É importante olhar com atenção para a evolução dos créditos de investimento, de comportamento cumulativo e diferente dos outros empréstimos de ciclo anual. Entre as safras 2002/03 e 2003/04, houve a contração de uma dívida adicional de R$ 20,9 bilhões só na rubrica crédito de investimento. O valor ficou próximo ao do crédito de custeio, de R$ 22 bilhões. Entre as safras 2000/01 e 2004/05, o endividamento aumentou em R$ 41,8 bilhões.

Somente no Programa de Modernização da Frota de Tratores Agrícolas e Implementos Associados a Colheitadeiras (Moderfrota) , os produtores contraíram uma dívida de R$ 10,2 bilhões entre as safras 2002/03 e 2003/04.

Cabe assinalar também que as estatísticas do crédito rural do Banco Central não incluem o crédito extra-bancário, do sistema informal, de relevância crescente em anos recentes, como a Cédula do Produto Rural (CPR), um título criado pela Lei n° 8.929, em 22 de agosto de 1994, para fomentar a venda de produtos agrícolas, assim como a compra de insumos contra pagamento na safra.
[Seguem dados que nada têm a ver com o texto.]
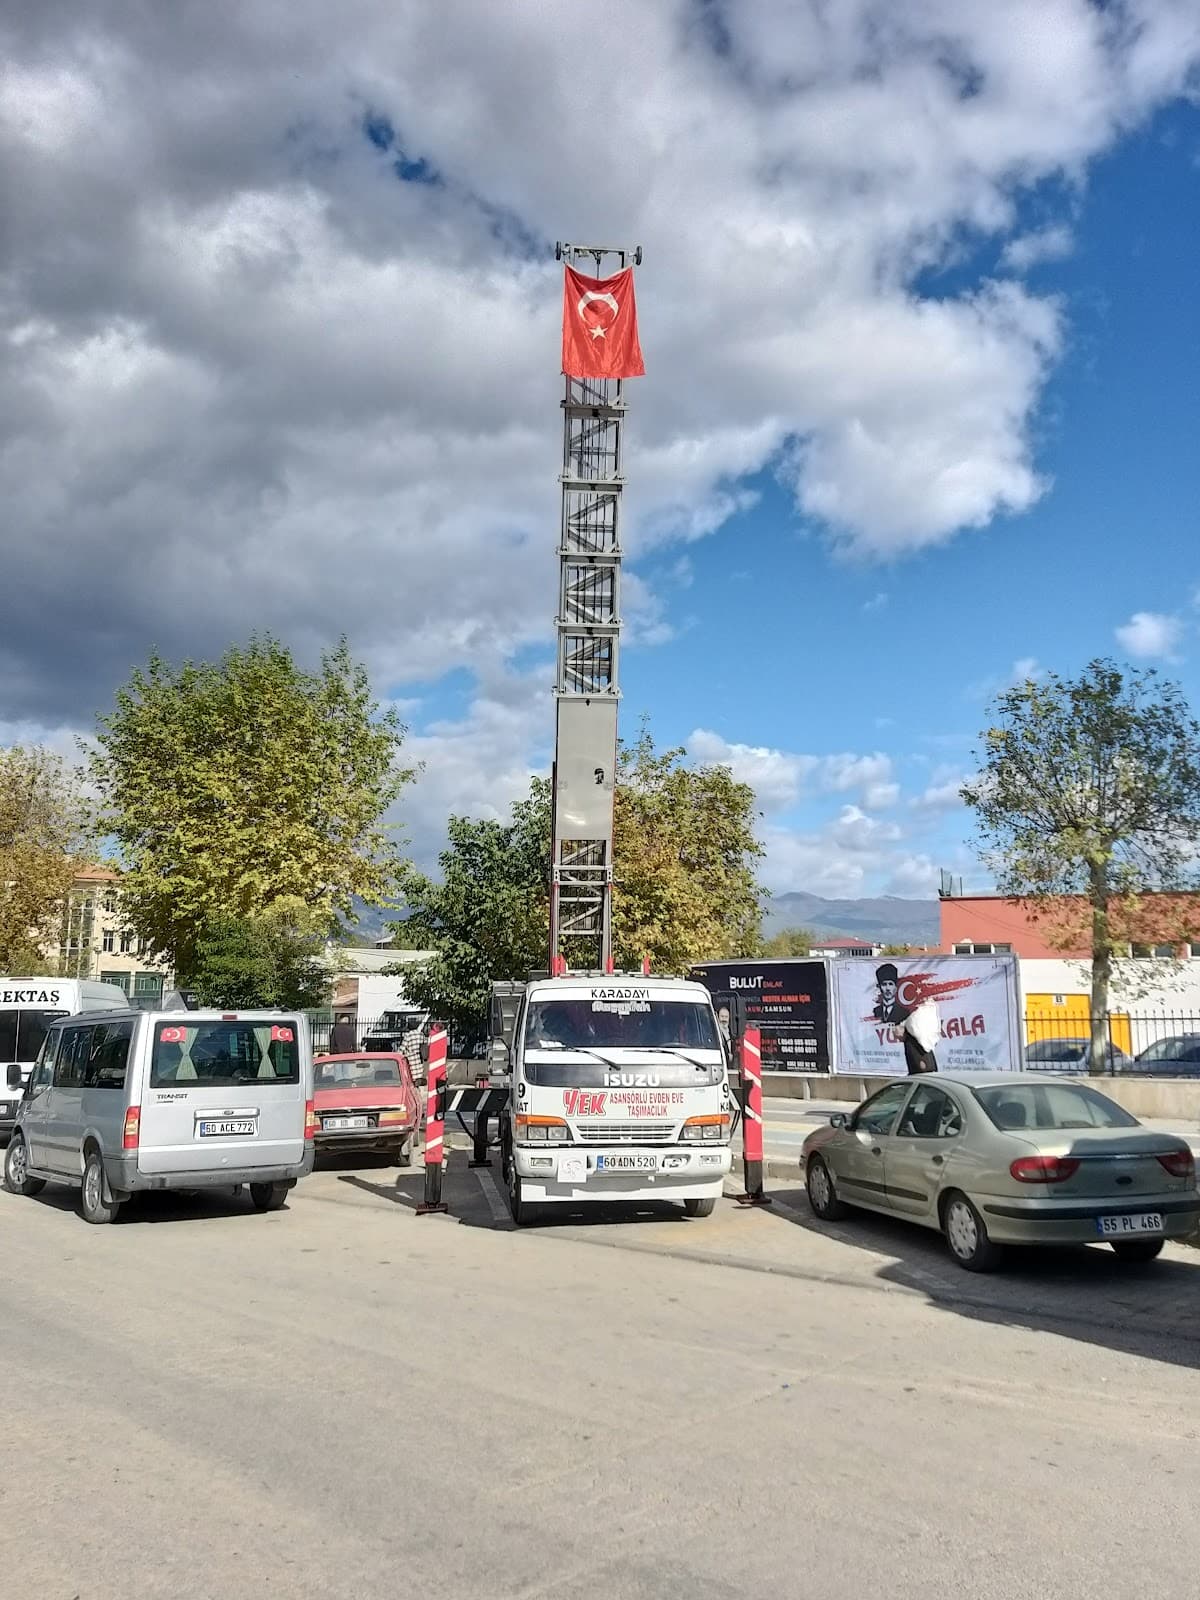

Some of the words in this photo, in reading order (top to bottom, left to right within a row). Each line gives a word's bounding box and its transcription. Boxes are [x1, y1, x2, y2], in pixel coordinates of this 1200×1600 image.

O instrumento pode ser registrado na Central de Custódia e Liquidação Financeira de Título (Cetip) e avalizado por um agente financeiro. Quando não é registrado e avalizado o instrumento é chamado de "CPR de gaveta".

As operações da " CPR de gaveta", que somam valores bem maiores em comparação às CPRs avalizadas e registradas, fazem parte de um sistema informal de crédito desenvolvido no Brasil nos últimos anos. Seu crescimento decorre das dificuldades burocráticas e da oferta de garantia para acessar o sistema formal. As agroindústrias e traders, diante da maior facilidade para captar recursos, realizam "CPR de gaveta" com os agricultores a custos mais competitivos.
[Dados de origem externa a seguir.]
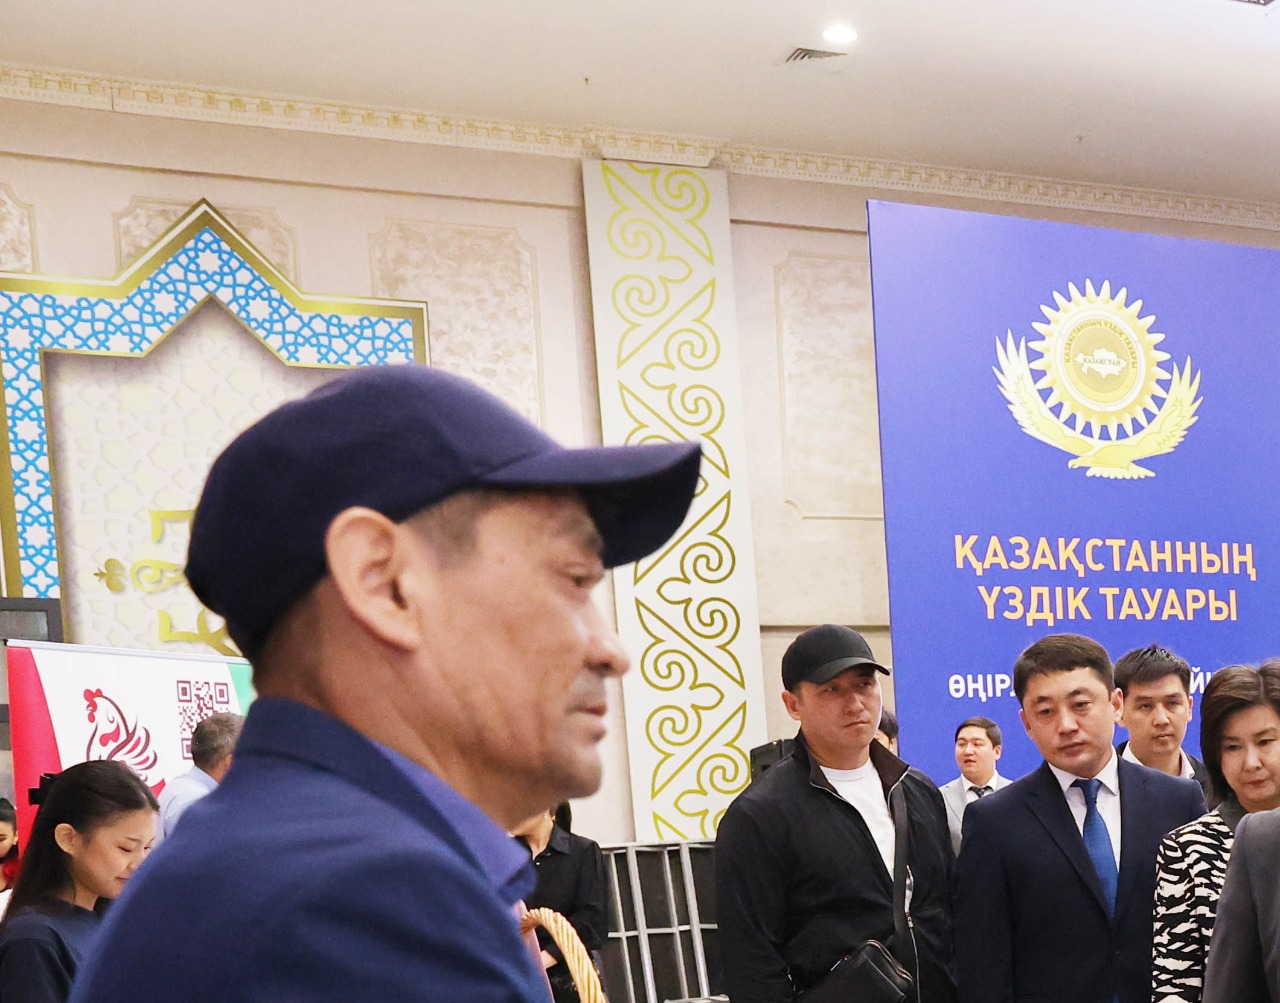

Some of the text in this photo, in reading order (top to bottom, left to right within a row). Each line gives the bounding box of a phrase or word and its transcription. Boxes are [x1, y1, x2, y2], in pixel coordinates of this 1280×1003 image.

[954, 534, 1257, 582] ҚАЗАҚСТАННЫҢ
[977, 585, 1238, 627] ҮЗДІК ТАУАРЫ
[948, 673, 1016, 703] ӨҢІР
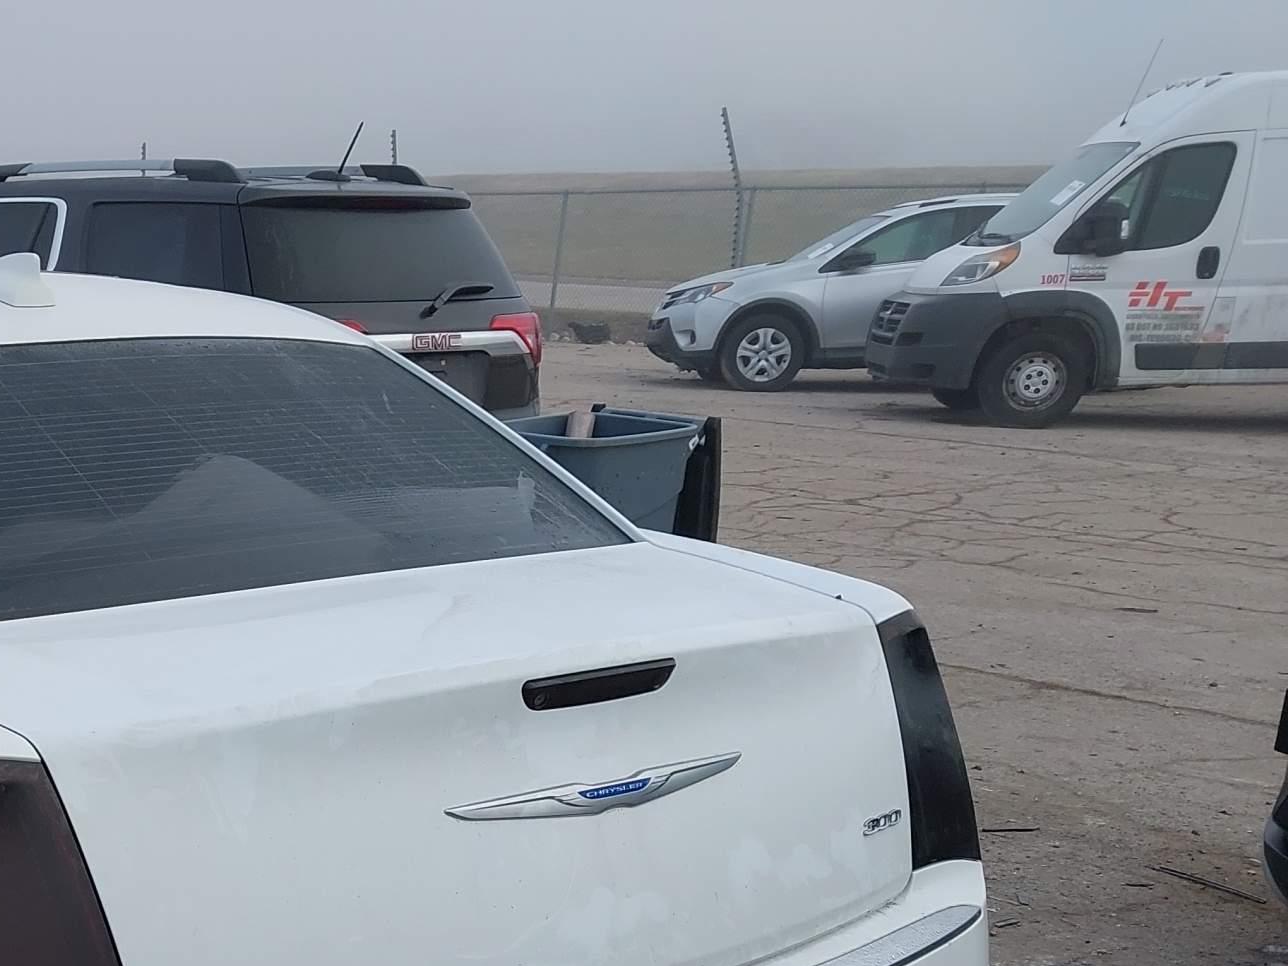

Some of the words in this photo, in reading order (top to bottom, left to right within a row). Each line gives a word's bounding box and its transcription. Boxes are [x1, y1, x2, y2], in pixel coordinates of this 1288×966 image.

[1040, 274, 1065, 284] 1007
[412, 334, 462, 351] GMC
[585, 782, 644, 798] CHRYSLER
[863, 809, 902, 836] 300
Quando se compara a evolução anual, os saldos devedores médios dos produtores cresceram em relação ao Produto Interno Bruto setorial, divulgado pelo IBGE. No biênio 2005/06, a participação da dívida agrícola no PIB subiu com todo vigor, pelo efeito combinado de aumento de R$ 9 bilhões e R$ 6 bilhões, respectivamente, nas dívidas de custeio e investimento, enquanto o PIB sofria queda.

Agricultura: Dívida do crédito em relação
ao PIB DA aRICULTURA

Ano

Custeio

Investimento

Comercialização

Total

1995
1996
1997
1998
1999
2000
2001
2002
2003
2004
2005
*2006

16,4
17,5
15,8
14,6
17,9
19,4
18,3
17,1
15,9
15,7
19,7
24,6

11,8
11,0
10,8
12,9
14,3
16,0
18,4
16,9
16,7
17,7
23,1
27,8

7,0
5,0
5,1
5,3
3,1
2,3
2,5
2,1
2,4
2,1
1,9
2,6

35,3
33,5
31,7
32,6
35,3
37,7
39,2
36,1
35,0
35,5
44,7
54,8

Fonte: Bacen e IBGE
(*) valores até outubro

Observação: Os valores das dívidas incluem uma estimativa do montante da dívida agrícola transferida em 2001 dos bancos federais para o Tesouro Nacional, com base na Medida Provisória nº 2.196-3, de 24 de agosto de 2001, de R$ 6 bilhões para o crédito de custeio e R$ 3 bilhões para o crédito de investimento.
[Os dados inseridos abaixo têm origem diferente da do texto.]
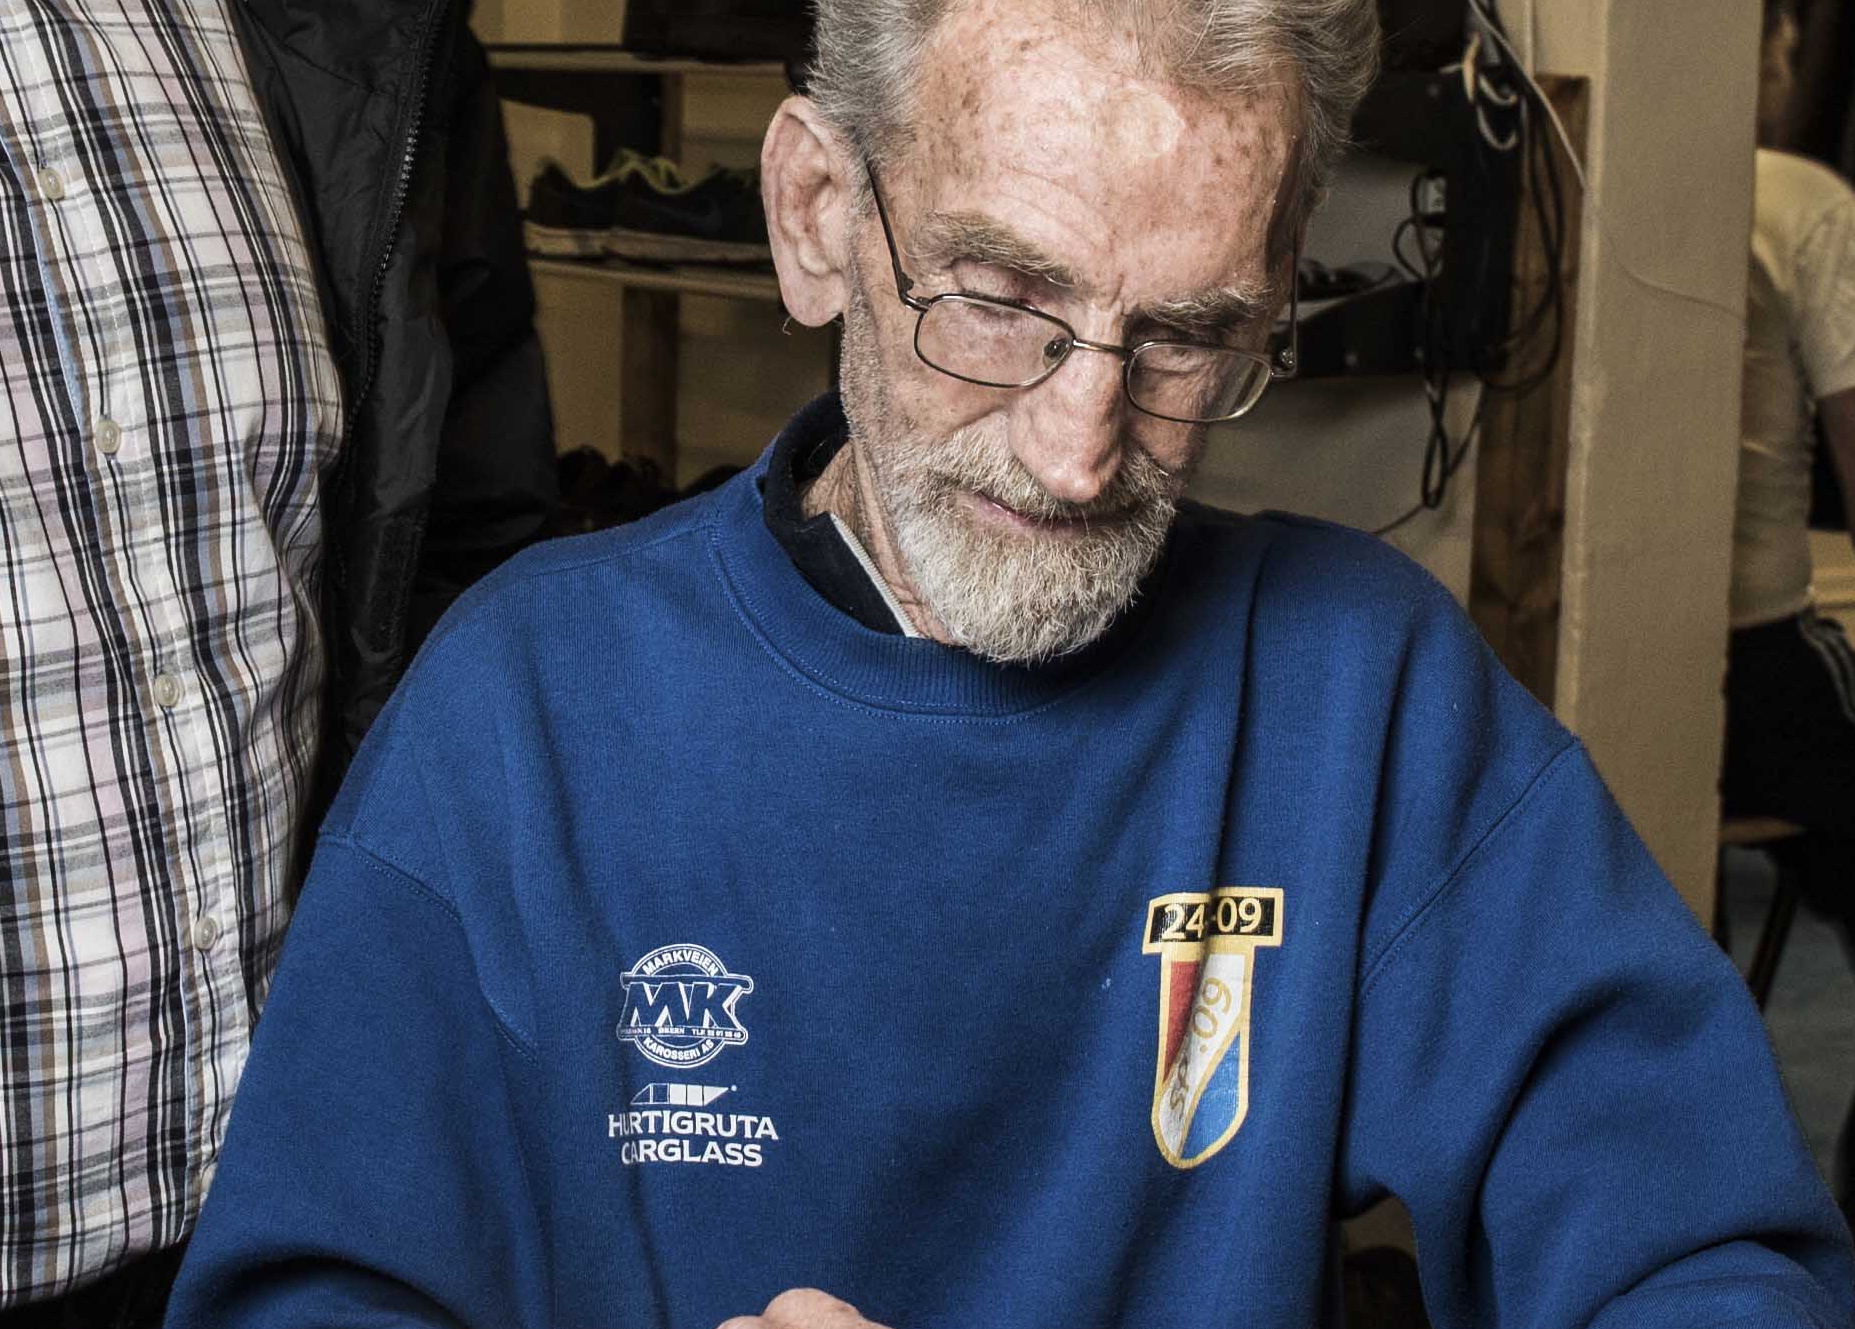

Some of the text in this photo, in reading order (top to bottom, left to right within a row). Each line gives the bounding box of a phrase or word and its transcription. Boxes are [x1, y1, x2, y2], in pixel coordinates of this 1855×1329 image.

Esse rápido crescimento do endividamento agrícola de curto e longo prazos, combinado com a queda na renda entre as safras 2004/05 e 2005/06, impede que o setor tenha capacidade para saldar seus compromissos.

Nos próximos anos, o grande desafio do governo está justamente em praticar uma política agrícola, que alivie o endividamento excessivo de uma atividade cercada de incertezas e volatilidades intrínsecas. Elevados investimentos sempre pressionam os custos fixos de produção e causam rigidez na oferta quando a conjuntura de preços está comprimida. Tudo isso torna o ambiente mais volátil e instável.

Luiz Antonio Pinazza, editor-executivo da Agroanalysis (Fundação Getúlio Vargas)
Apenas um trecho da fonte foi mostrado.